4. A drying device for waste treatment according to claim 1, characterized in that: The heated screw conveyor assembly (4) includes a screw blade (401), a conveying pipe (402), a drive motor (403), and a temperature sensor (405). The drive motor (403) is used to drive the screw blade (401) to rotate and convey materials. The conveying pipe (402) includes an inner ceramic wear-resistant liner and an outer aluminum silicate fiber insulation layer. Resistance wire is wound around the outer wall of the conveying pipe (402), and a temperature sensor (405) is provided on the outside of the conveying pipe (402).

5. A drying device for waste treatment according to claim 1, characterized in that: The circulation component (5) includes a pump body (501), a first connecting pipe (502), and a second connecting pipe (503). One end of the first connecting pipe (502) is connected to the pump body (501), and the other end of the first connecting pipe (502) is connected to the discharge pipe (110). One end of the second connecting pipe (503) is connected to the pump body (501), and the other end of the second connecting pipe (503) is connected to the guide cavity (103).

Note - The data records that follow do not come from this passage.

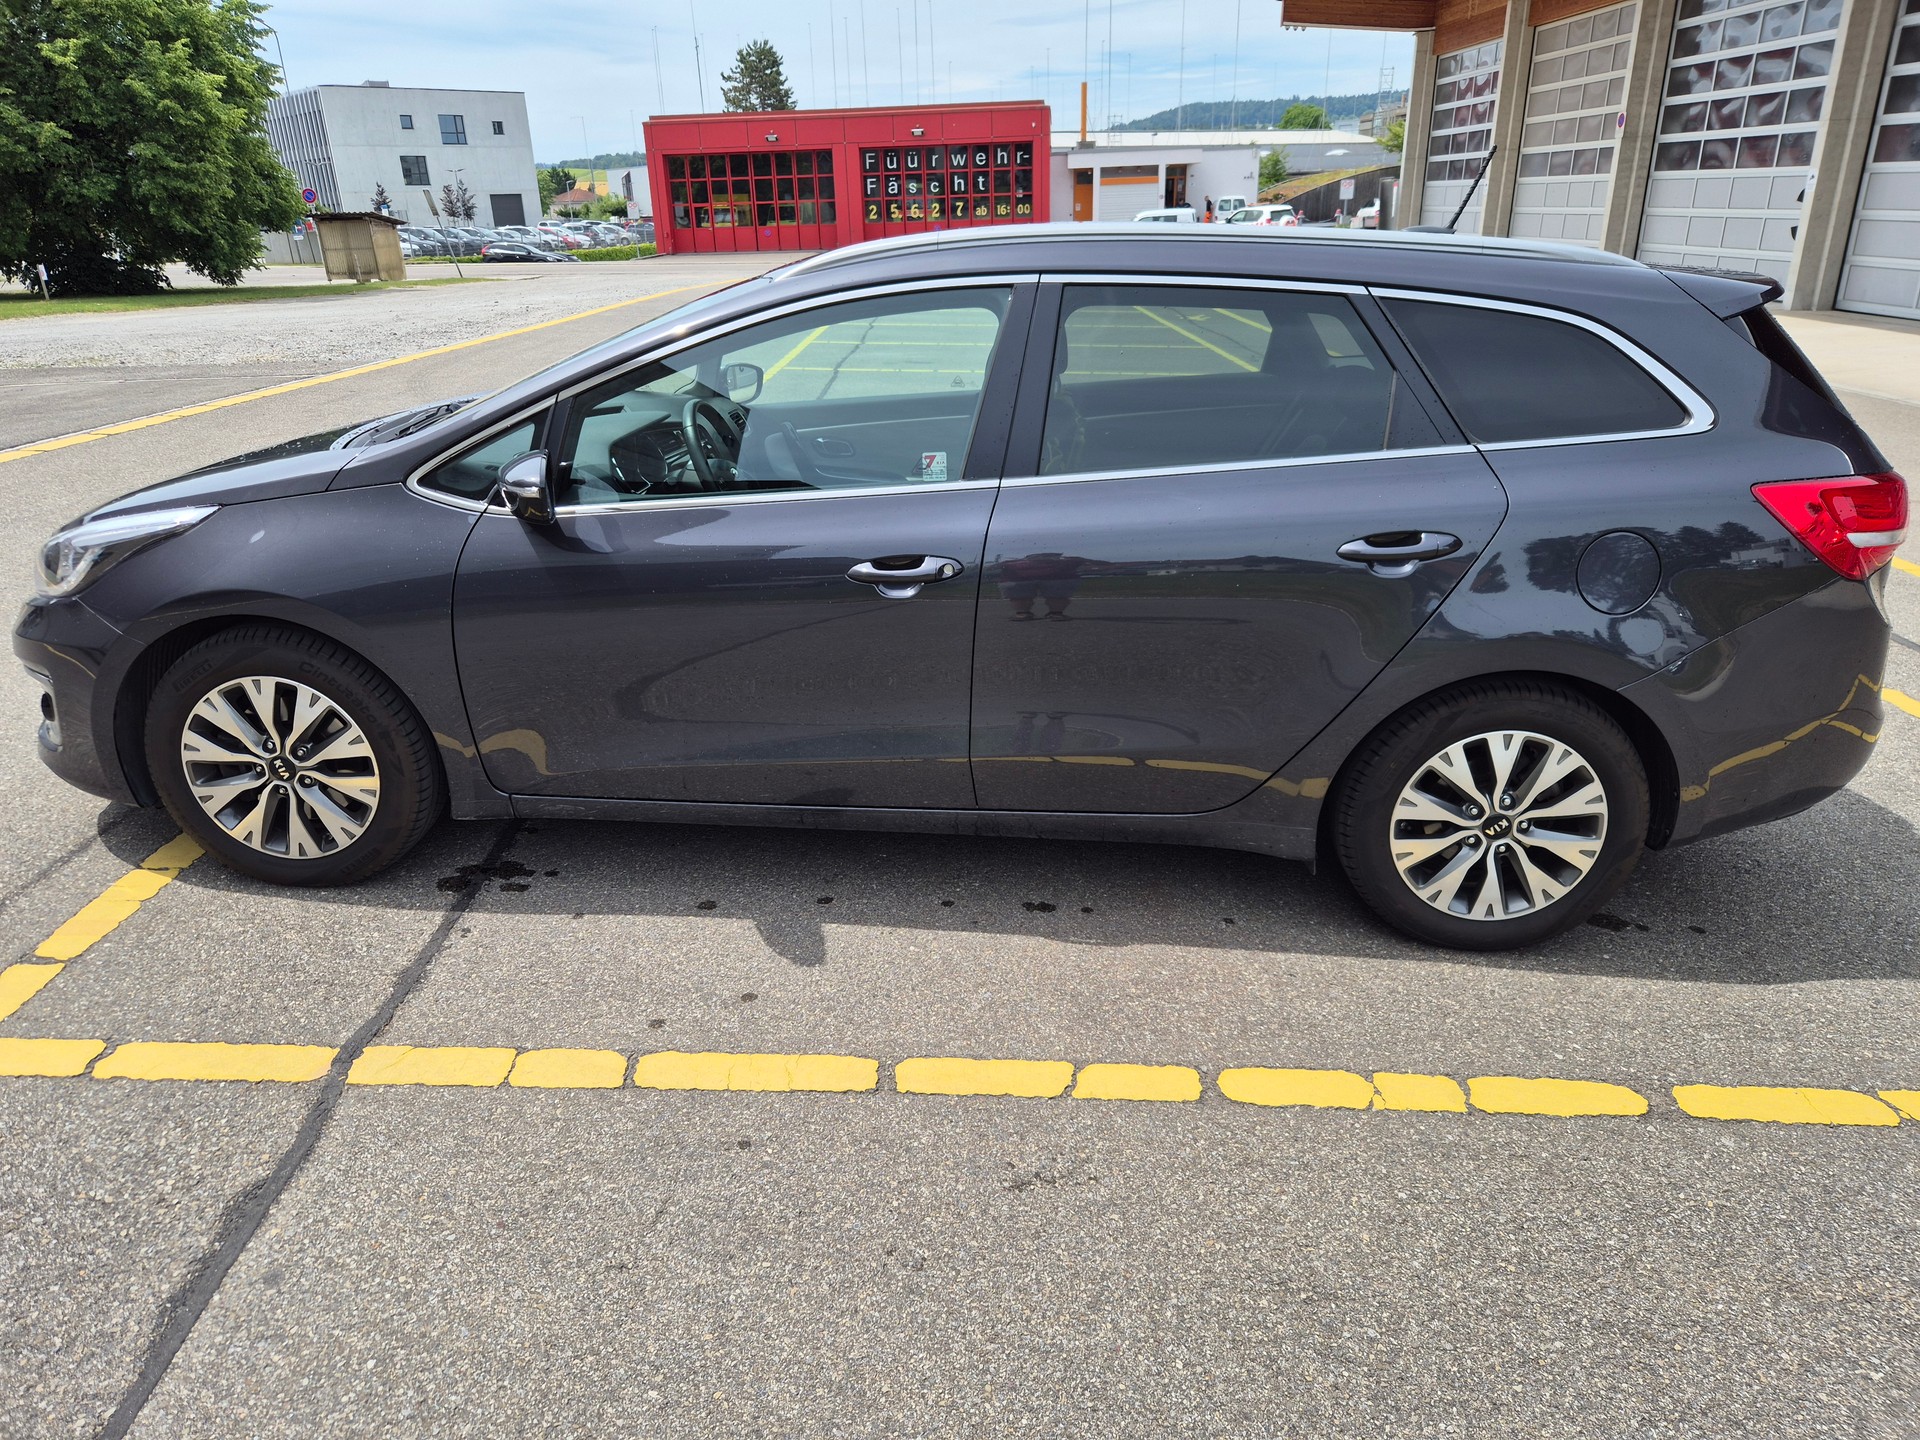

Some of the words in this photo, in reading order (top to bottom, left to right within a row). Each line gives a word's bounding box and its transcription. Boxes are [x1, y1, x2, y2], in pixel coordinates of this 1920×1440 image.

[866, 175, 985, 195] Fäscht
[975, 205, 987, 216] ab
[997, 203, 1031, 216] 16:00
[273, 759, 290, 781] KIA
[1485, 819, 1509, 837] KIA

6. A drying apparatus for waste treatment according to any one of claims 1-5, characterized in that: One-way valves are provided on the outside of the guide cavity (103), discharge pipe (110), first connecting pipe (502), second connecting pipe (503), air supply pipe (108), air outlet pipe (111), and discharge pipe (109). Solenoid valves are provided on the outside of the discharge pipe (110) and the first connecting pipe (502). A humidity sensor is provided on the inside of the discharge pipe (110).

7. A drying apparatus for waste treatment according to claim 1, characterized in that: The first guide plate (105) and the second guide plate (106) are triangular in shape. The first guide plate (105) is located at the outlet of the guide cavity (103). Several second guide plates (106) are arranged at equal intervals. The ventilation hole (107) and the air outlet pipe (111) are provided with a mesh screen to prevent the raw material from escaping. The top of the feed box (1) is provided with a feed port. The air supply pipe (108) is connected to a hot air blower.